▶ **What you should do**: All of the data is to be set down again without any alteration.

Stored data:
+ + + +

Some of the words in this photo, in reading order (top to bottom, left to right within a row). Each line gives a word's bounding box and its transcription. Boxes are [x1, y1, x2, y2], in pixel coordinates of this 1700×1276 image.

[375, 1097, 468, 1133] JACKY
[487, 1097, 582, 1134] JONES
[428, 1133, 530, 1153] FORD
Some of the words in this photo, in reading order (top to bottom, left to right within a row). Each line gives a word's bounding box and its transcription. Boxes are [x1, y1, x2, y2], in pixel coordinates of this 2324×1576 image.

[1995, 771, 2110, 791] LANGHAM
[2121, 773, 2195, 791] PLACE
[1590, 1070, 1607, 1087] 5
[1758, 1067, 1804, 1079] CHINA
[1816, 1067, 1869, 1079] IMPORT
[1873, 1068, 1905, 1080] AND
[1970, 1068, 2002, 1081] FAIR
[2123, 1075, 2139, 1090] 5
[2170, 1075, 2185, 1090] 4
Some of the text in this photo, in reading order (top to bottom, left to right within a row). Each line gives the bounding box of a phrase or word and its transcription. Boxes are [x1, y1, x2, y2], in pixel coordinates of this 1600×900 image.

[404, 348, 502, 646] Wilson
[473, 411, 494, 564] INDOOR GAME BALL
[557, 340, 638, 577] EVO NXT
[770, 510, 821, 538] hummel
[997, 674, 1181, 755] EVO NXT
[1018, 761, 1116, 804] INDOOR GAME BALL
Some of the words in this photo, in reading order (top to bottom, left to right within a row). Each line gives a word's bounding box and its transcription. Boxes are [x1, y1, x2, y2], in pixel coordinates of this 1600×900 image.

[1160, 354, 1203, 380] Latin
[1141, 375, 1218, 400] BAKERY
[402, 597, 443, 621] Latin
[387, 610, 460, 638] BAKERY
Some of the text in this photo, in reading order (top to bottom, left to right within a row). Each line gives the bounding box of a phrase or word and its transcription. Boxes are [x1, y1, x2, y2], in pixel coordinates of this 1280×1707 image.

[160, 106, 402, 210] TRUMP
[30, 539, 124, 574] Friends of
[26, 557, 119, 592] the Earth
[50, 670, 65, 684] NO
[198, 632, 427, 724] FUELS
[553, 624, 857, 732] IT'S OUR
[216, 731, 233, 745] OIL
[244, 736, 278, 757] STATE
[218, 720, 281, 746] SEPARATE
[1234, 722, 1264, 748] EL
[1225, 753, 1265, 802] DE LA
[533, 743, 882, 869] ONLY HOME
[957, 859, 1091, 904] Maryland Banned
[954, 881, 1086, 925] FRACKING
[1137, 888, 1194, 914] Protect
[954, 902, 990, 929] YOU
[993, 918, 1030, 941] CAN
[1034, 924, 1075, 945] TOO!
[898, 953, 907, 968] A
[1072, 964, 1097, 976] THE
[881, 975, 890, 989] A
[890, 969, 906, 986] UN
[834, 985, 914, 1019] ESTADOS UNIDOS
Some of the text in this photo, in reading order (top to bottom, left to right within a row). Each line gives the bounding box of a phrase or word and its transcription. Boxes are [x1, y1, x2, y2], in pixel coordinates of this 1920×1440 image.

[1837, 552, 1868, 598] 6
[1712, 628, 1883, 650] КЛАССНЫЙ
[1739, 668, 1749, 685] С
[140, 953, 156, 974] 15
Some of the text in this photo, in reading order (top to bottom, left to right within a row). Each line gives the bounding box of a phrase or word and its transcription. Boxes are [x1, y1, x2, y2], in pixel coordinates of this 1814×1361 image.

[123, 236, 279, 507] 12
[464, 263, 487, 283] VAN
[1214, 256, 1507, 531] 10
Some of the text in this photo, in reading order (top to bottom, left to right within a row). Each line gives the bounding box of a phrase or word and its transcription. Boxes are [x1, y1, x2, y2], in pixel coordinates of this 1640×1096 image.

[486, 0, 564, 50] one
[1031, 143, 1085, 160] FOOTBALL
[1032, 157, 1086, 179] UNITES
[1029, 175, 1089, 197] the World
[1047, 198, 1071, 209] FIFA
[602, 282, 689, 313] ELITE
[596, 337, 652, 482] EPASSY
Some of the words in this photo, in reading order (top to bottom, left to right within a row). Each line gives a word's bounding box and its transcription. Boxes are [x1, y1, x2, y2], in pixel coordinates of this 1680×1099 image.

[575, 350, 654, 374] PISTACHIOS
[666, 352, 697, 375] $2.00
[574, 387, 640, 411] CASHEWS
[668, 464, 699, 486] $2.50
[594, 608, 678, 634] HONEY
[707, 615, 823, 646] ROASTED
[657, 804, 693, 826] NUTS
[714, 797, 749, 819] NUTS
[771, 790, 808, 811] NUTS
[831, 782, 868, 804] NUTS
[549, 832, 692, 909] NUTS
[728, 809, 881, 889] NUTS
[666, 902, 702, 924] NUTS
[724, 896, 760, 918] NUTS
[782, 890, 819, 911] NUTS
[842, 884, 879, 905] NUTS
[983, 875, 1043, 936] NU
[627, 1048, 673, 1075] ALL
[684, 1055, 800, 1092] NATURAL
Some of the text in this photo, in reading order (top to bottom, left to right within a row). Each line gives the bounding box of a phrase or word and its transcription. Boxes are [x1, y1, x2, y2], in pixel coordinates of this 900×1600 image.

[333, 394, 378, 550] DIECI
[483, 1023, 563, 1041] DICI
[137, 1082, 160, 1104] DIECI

+ + + +

▶ **Written answer**:
Some of the words in this photo, in reading order (top to bottom, left to right within a row). Each line gives a word's bounding box and its transcription. Boxes are [x1, y1, x2, y2], in pixel coordinates of this 1700×1276 image.

[375, 1097, 468, 1133] JACKY
[487, 1097, 582, 1134] JONES
[428, 1133, 530, 1153] FORD
Some of the words in this photo, in reading order (top to bottom, left to right within a row). Each line gives a word's bounding box and its transcription. Boxes are [x1, y1, x2, y2], in pixel coordinates of this 2324×1576 image.

[1995, 771, 2110, 791] LANGHAM
[2121, 773, 2195, 791] PLACE
[1590, 1070, 1607, 1087] 5
[1758, 1067, 1804, 1079] CHINA
[1816, 1067, 1869, 1079] IMPORT
[1873, 1068, 1905, 1080] AND
[1970, 1068, 2002, 1081] FAIR
[2123, 1075, 2139, 1090] 5
[2170, 1075, 2185, 1090] 4
Some of the text in this photo, in reading order (top to bottom, left to right within a row). Each line gives the bounding box of a phrase or word and its transcription. Boxes are [x1, y1, x2, y2], in pixel coordinates of this 1600×900 image.

[404, 348, 502, 646] Wilson
[473, 411, 494, 564] INDOOR GAME BALL
[557, 340, 638, 577] EVO NXT
[770, 510, 821, 538] hummel
[997, 674, 1181, 755] EVO NXT
[1018, 761, 1116, 804] INDOOR GAME BALL
Some of the words in this photo, in reading order (top to bottom, left to right within a row). Each line gives a word's bounding box and its transcription. Boxes are [x1, y1, x2, y2], in pixel coordinates of this 1600×900 image.

[1160, 354, 1203, 380] Latin
[1141, 375, 1218, 400] BAKERY
[402, 597, 443, 621] Latin
[387, 610, 460, 638] BAKERY
Some of the text in this photo, in reading order (top to bottom, left to right within a row). Each line gives the bounding box of a phrase or word and its transcription. Boxes are [x1, y1, x2, y2], in pixel coordinates of this 1280×1707 image.

[160, 106, 402, 210] TRUMP
[30, 539, 124, 574] Friends of
[26, 557, 119, 592] the Earth
[50, 670, 65, 684] NO
[198, 632, 427, 724] FUELS
[553, 624, 857, 732] IT'S OUR
[216, 731, 233, 745] OIL
[244, 736, 278, 757] STATE
[218, 720, 281, 746] SEPARATE
[1234, 722, 1264, 748] EL
[1225, 753, 1265, 802] DE LA
[533, 743, 882, 869] ONLY HOME
[957, 859, 1091, 904] Maryland Banned
[954, 881, 1086, 925] FRACKING
[1137, 888, 1194, 914] Protect
[954, 902, 990, 929] YOU
[993, 918, 1030, 941] CAN
[1034, 924, 1075, 945] TOO!
[898, 953, 907, 968] A
[1072, 964, 1097, 976] THE
[881, 975, 890, 989] A
[890, 969, 906, 986] UN
[834, 985, 914, 1019] ESTADOS UNIDOS
Some of the text in this photo, in reading order (top to bottom, left to right within a row). Each line gives the bounding box of a phrase or word and its transcription. Boxes are [x1, y1, x2, y2], in pixel coordinates of this 1920×1440 image.

[1837, 552, 1868, 598] 6
[1712, 628, 1883, 650] КЛАССНЫЙ
[1739, 668, 1749, 685] С
[140, 953, 156, 974] 15
Some of the text in this photo, in reading order (top to bottom, left to right within a row). Each line gives the bounding box of a phrase or word and its transcription. Boxes are [x1, y1, x2, y2], in pixel coordinates of this 1814×1361 image.

[123, 236, 279, 507] 12
[464, 263, 487, 283] VAN
[1214, 256, 1507, 531] 10
Some of the text in this photo, in reading order (top to bottom, left to right within a row). Each line gives the bounding box of a phrase or word and its transcription. Boxes are [x1, y1, x2, y2], in pixel coordinates of this 1640×1096 image.

[486, 0, 564, 50] one
[1031, 143, 1085, 160] FOOTBALL
[1032, 157, 1086, 179] UNITES
[1029, 175, 1089, 197] the World
[1047, 198, 1071, 209] FIFA
[602, 282, 689, 313] ELITE
[596, 337, 652, 482] EPASSY
Some of the words in this photo, in reading order (top to bottom, left to right within a row). Each line gives a word's bounding box and its transcription. Boxes are [x1, y1, x2, y2], in pixel coordinates of this 1680×1099 image.

[575, 350, 654, 374] PISTACHIOS
[666, 352, 697, 375] $2.00
[574, 387, 640, 411] CASHEWS
[668, 464, 699, 486] $2.50
[594, 608, 678, 634] HONEY
[707, 615, 823, 646] ROASTED
[657, 804, 693, 826] NUTS
[714, 797, 749, 819] NUTS
[771, 790, 808, 811] NUTS
[831, 782, 868, 804] NUTS
[549, 832, 692, 909] NUTS
[728, 809, 881, 889] NUTS
[666, 902, 702, 924] NUTS
[724, 896, 760, 918] NUTS
[782, 890, 819, 911] NUTS
[842, 884, 879, 905] NUTS
[983, 875, 1043, 936] NU
[627, 1048, 673, 1075] ALL
[684, 1055, 800, 1092] NATURAL
Some of the text in this photo, in reading order (top to bottom, left to right within a row). Each line gives the bounding box of a phrase or word and its transcription. Boxes are [x1, y1, x2, y2], in pixel coordinates of this 900×1600 image.

[333, 394, 378, 550] DIECI
[483, 1023, 563, 1041] DICI
[137, 1082, 160, 1104] DIECI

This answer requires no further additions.